Les questions de la terre et de la propriété foncière, celles d’une meilleure gouvernance, de l’éducation, de la santé, d’une justice équitable ainsi que la réconciliation des tchadiens, occupent une place de choix dans ce message qui stigmatise également le phénomène de la corruption, « un mal qui gangrène le Tchad », a souligné Mgr Bouchard, lors de sa présentation, le 13 décembre dernier.
« Certains tirent profit de la situation actuelle mais la majorité de la population en subit les conséquences et risque de sombrer dans le découragement le plus total.
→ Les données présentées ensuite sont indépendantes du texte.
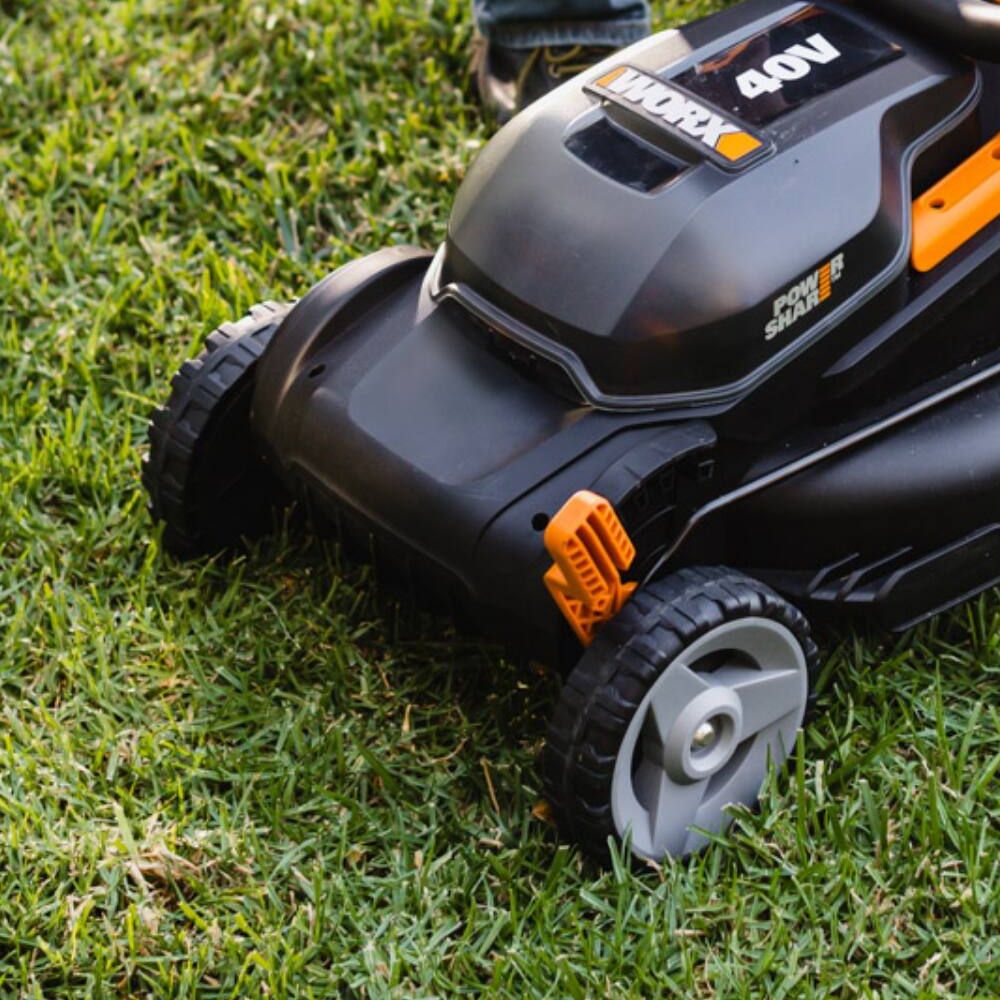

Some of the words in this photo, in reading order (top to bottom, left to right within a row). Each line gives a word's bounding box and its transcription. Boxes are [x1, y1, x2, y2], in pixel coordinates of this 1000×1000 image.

Est-ce cela que nous voulons ? », s’interrogent les évêques tchadiens.
Ils rappellent que la corruption « est criminelle » devant la loi, et qu’elle doit donc être punie, mais qu’elle est aussi « inconciliable avec la religion », ajoutant que la « piété » ne saurait se réduire « uniquement à la prière et au culte », mais « doit imprégner toute la vie ».
Les évêques tchadiens reconnaissent les apports de l’indépendance du pays, il y a 50 ans, tels que la prise de conscience de la citoyenneté tchadienne, l’émergence de la société civile, l’affirmation de la liberté d’expression, les efforts pour une plus grande démocratie et pour un mieux-être social, mais déplorent que ceux-ci aient très vite été assombris par « des abus de pouvoir » qui, provoquant rebellions puis guerres et fractures ethniques, ont favorisé « le repli sur soi, suscité des haines, et empêché le pays de progresser ».
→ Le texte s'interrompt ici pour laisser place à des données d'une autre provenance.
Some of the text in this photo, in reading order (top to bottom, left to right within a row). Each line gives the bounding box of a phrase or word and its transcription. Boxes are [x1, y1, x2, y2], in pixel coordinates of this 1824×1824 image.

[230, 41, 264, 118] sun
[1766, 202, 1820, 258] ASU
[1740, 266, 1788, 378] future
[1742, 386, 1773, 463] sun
La construction d’ « un nouveau Tchad », précisent-ils, doit passer par « une organisation politique respectueuse de tous les citoyens, quelle que soit leur ethnie ou leur région d’origine, et par la création d’un État avec des institutions fortes et respectées, donc par le respect du droit et de la justice, condition fondamentale pour vivre en société et construire un pays ».
Un des graves problème de droit et de justice, souligné par les évêques dans leur message, est actuellement celui « de la terre et de la propriété foncière » qui, selon eux, constitue « une bombe à retardement si on ne lui trouve pas des solutions équitables ».
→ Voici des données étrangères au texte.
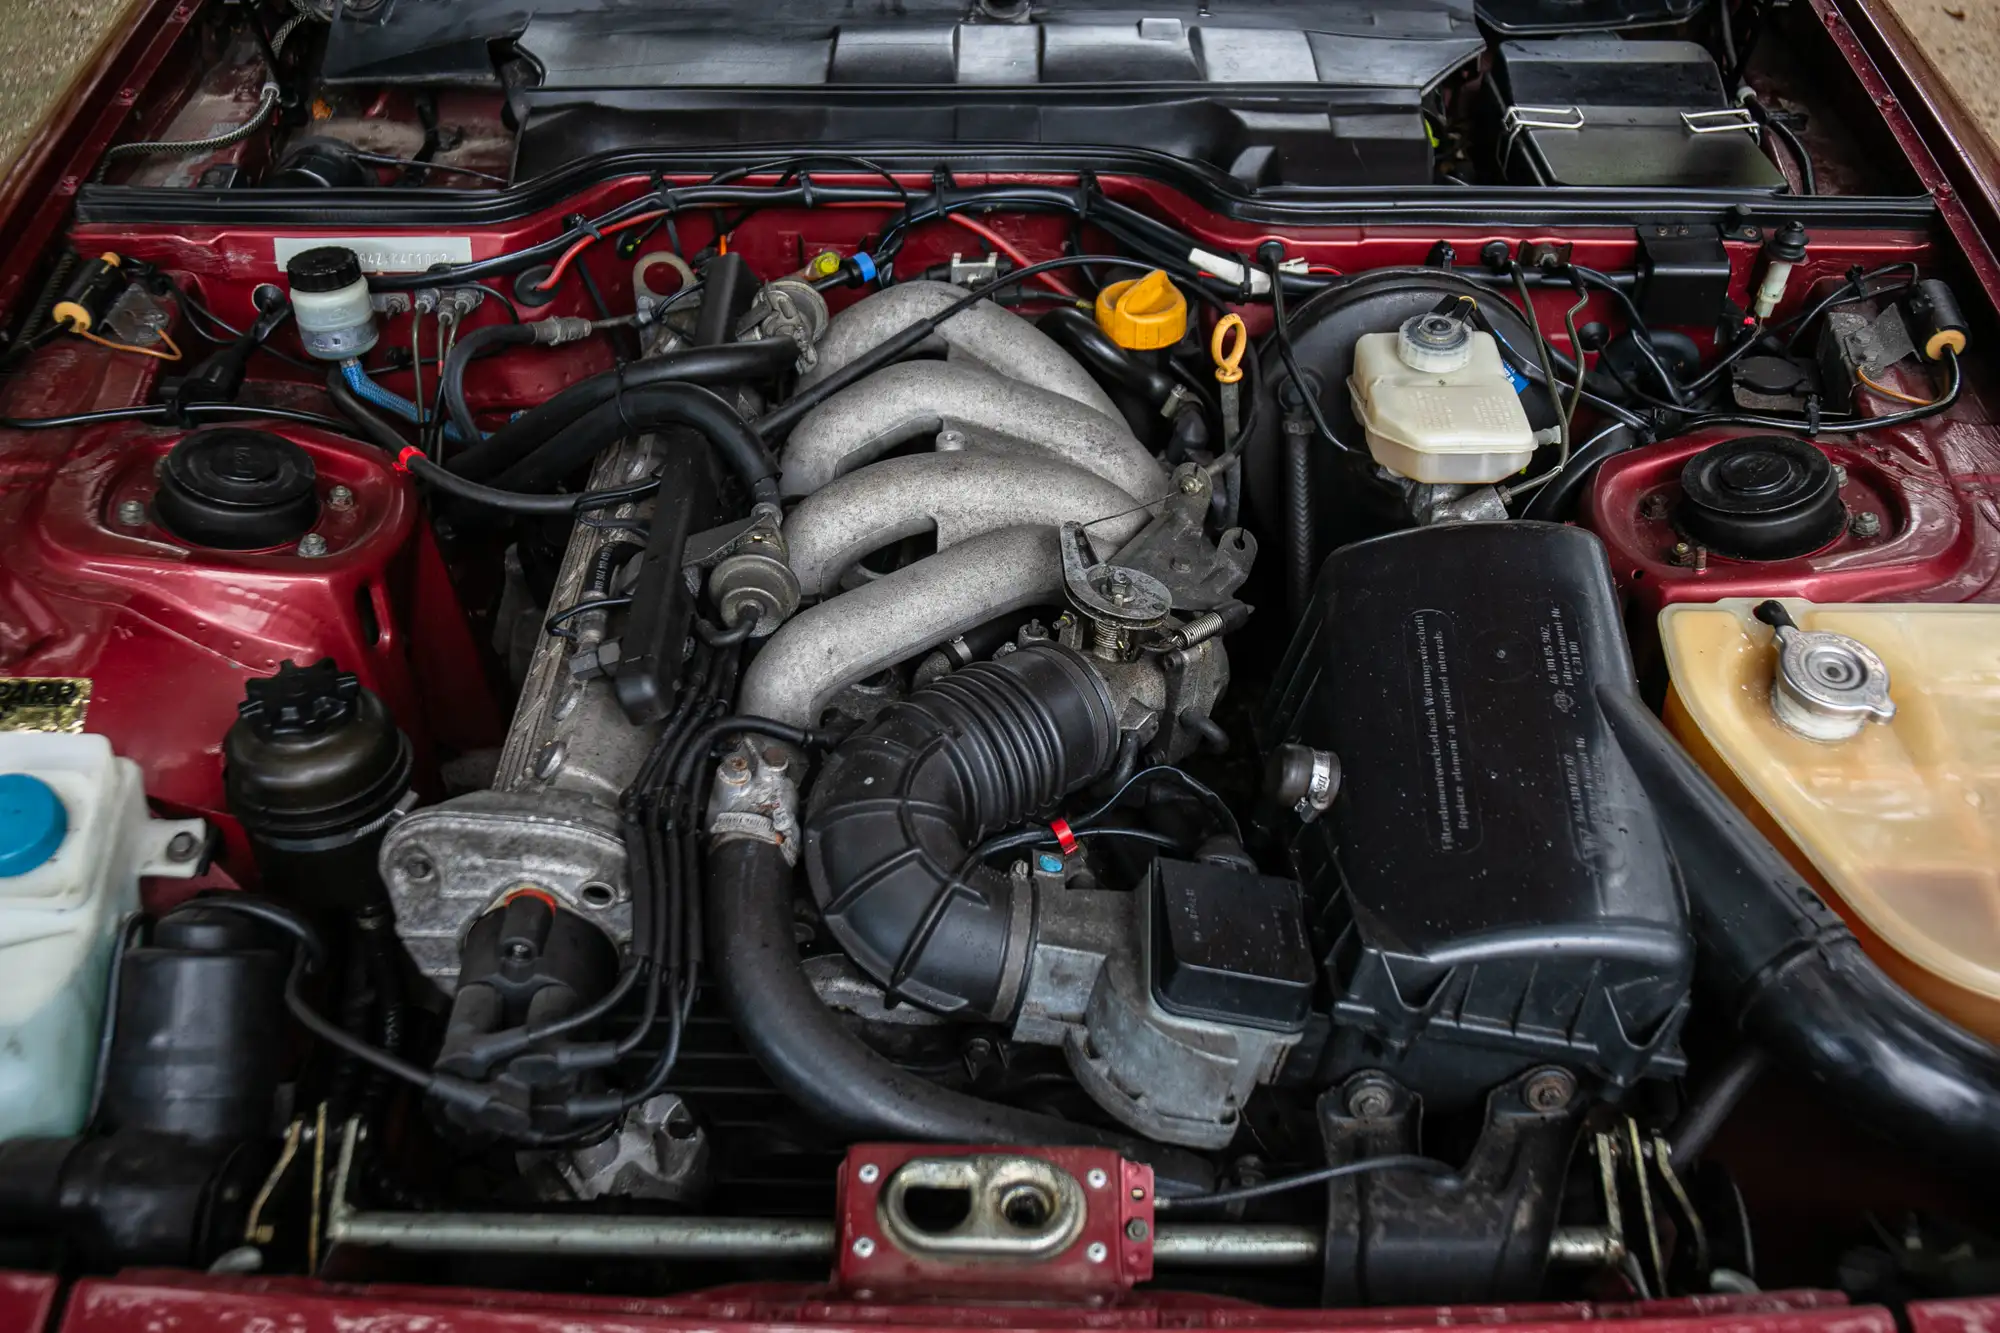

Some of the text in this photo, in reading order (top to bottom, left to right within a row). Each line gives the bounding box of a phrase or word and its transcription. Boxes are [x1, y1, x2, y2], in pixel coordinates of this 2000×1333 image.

[1413, 614, 1434, 707] Wartungsvorschrift
[1433, 630, 1448, 673] intervals
[1425, 708, 1438, 733] nach
[1438, 676, 1456, 721] specified
[1455, 785, 1470, 830] Replace
Au Tchad, la terre est l’objet de nombreux conflits, par exemple entre éleveurs et agriculteurs : Certaines personnes plus fortunées ou jouissant d’un pouvoir quelconque s’emparent de terres ou de propriétés par la force ou les « achètent » auprès d’une soi-disant autorité villageoise sans que les premiers occupants ne soient au courant et sans tenir compte du droit coutumier et des lois foncières.
Autres priorités mises en avant par la CET, celle de l’éducation, « nécessaire pour l’épanouissement des personnes », et celle de la santé, où « l’Eglise catholique s’investit beaucoup », y compris dans la lutte contre le SIDA, mais où « il reste beaucoup à faire », relèvent-ils.
Au regard de tout cela, « Noël nous lance un appel particulier et nous offre une occasion unique de nous renouveler dans notre foi », soulignent les évêques aux chrétiens du Tchad, car, comme dit l’apôtre Paul aux Romains : « … l’heure est venue de sortir de votre sommeil… La nuit est bientôt finie, le jour est tout proche. Rejetons les activités des ténèbres, revêtons-nous pour le combat de la lumière… »
« Il ne faut surtout pas penser que la vie sociale, professionnelle, politique n’a rien à voir avec notre foi chrétienne », leur rappellent-ils.
Comme le suggéraient les évêques lors du synode pour l’Afrique, il faut, disaient-ils, que « la foi chrétienne imprègne tous les aspects et toutes les dimensions » de leur vie, en famille, au travail, dans la politique et dans la vie publique.
Après avoir rappelé l’encouragement des évêques du synode à ce que les chrétiens catholiques s’investissent en politique, pour le bien même de la politique et donc de la gouvernance, « une bonne gouvernance », les évêques du Tchad terminent leur message de Noël sur un appel à œuvrer en faveur d’une « vraie réconciliation nationale», en collaboration avec les autres confessions chrétiennes et les autres croyants, seule voie possible pour un Tchad vraiment en paix.
« Peuple tchadien, debout et à l’ouvrage ! », appellent-ils en reprenant l’invitation de l’hymne national.